Cardiologists should perform transthoracic echocardiography soon after the child arrives in the ICU to understand the baseline postoperative function and whenever the child deteriorates. It may be worthwhile to note that infection control measures extend to transthoracic echocardiography which should include disinfecting the probe and using sterile gel to enhance contact.
It is important that the patient remains comfortable and calm in the postoperative period with regular paracetamol, NSAIDs and low doses of opioid given as required (intravenous fentanyl 0.5 µg/kg or morphine 0.05 mg/kg titrated to effect, or as a morphine infusion of 10–20 µg/kg/h). Dexmedetomidine infusion is continued for the first 24 h prior to weaning. Garg et al. [46] advised that neonates and young infants should be handled minimally to avoid episodes of breath-holding, which can lead to desaturation, and adequate sedation should be given during stimulating procedures. Management of agitation should include non-pharmacological means like parental presence, cuddling, distraction and early feeding in addition to appropriate use of anxiolytics like benzodiazepines or clonidine (0.9–3.3 µg/kg), and analgesics if pain is the likely cause of agitation [42,46]. Early removal of chest drains and pacing wires will help reduce analgesic requirements, and should be considered.
Some patients may require some form of non-invasive respiratory support to avoid reintubation. These include continuous positive airway pressure, non-invasive positive pressure ventilation, nasal high-frequency oscillatory ventilation, and high-flow nasal cannula [36]. Therefore, the ICU should be equipped with at least one of these modalities.

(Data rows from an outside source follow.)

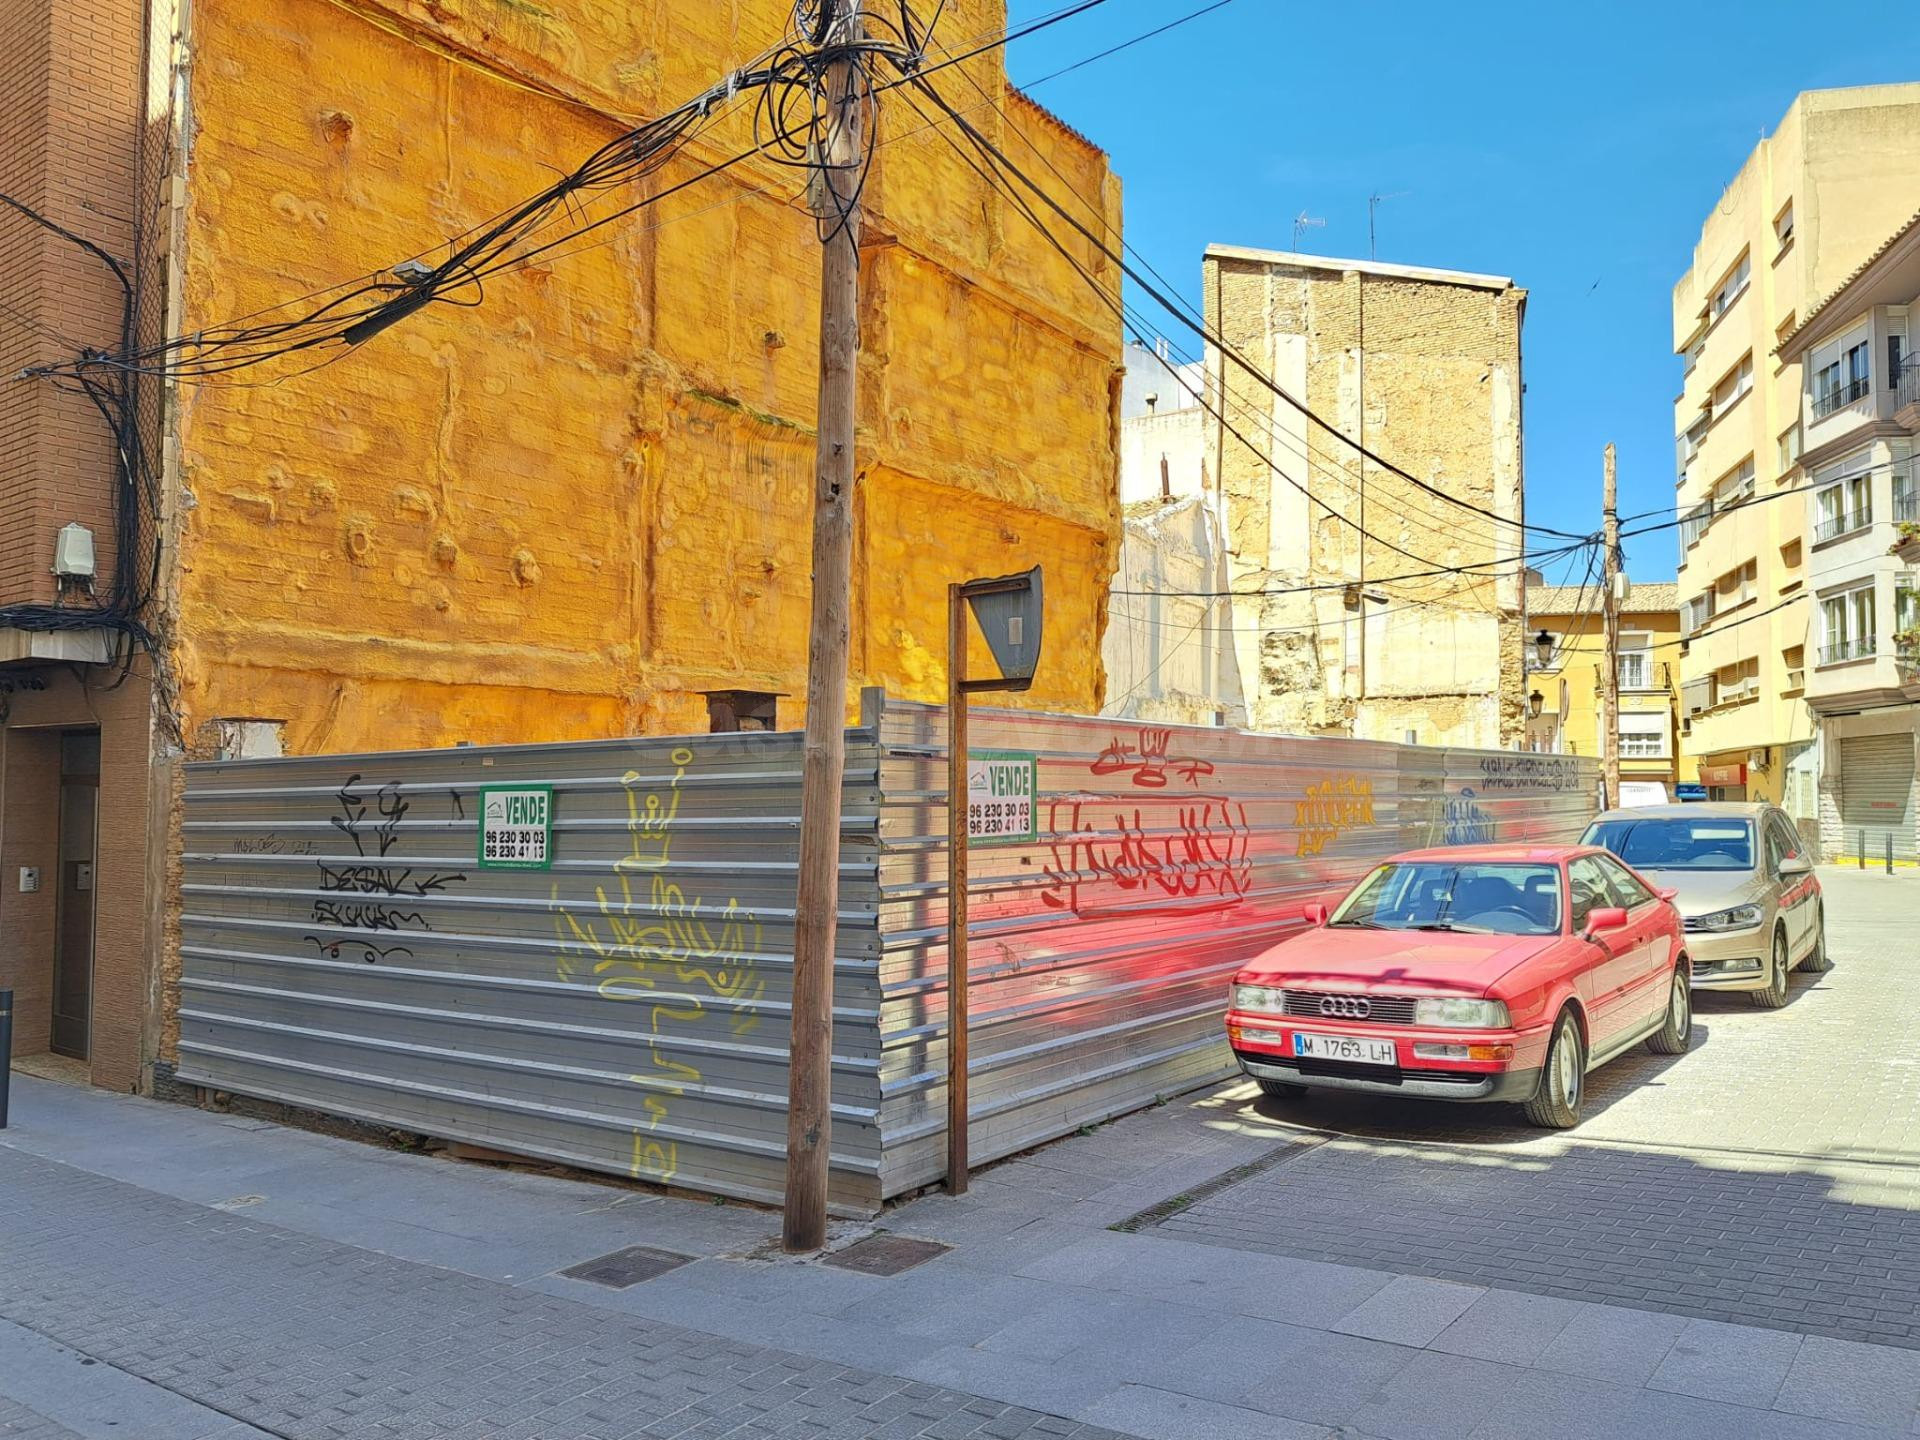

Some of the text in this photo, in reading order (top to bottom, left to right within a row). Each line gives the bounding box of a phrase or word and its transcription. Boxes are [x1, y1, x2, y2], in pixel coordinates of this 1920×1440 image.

[988, 766, 1030, 796] VENDE
[505, 796, 546, 825] VENDE
[969, 802, 1030, 818] 96 230 30 03
[969, 817, 1030, 834] 96 230 41 13
[485, 831, 545, 844] 96 230 30 03
[485, 845, 545, 859] 96 230 41 13

Although the majority of studies included were retrospective observational studies that carry inherent limitations, such as selection bias and inability to control for all potential confounders, the experiences reported strongly suggest that early extubation should be practiced whenever possible for pediatric congenital heart surgery. Nevertheless, appropriate patient selection based on the availability of institutional resources and expertise is important, because extubation failure may result in additional morbidity and mortality. For a successful early extubation program, a dedicated multidisciplinary team approach is necessary to ensure appropriate patient selection, good clinical judgement, and common goals. Finally, good postoperative ICU support is necessary to avoid early extubation failure.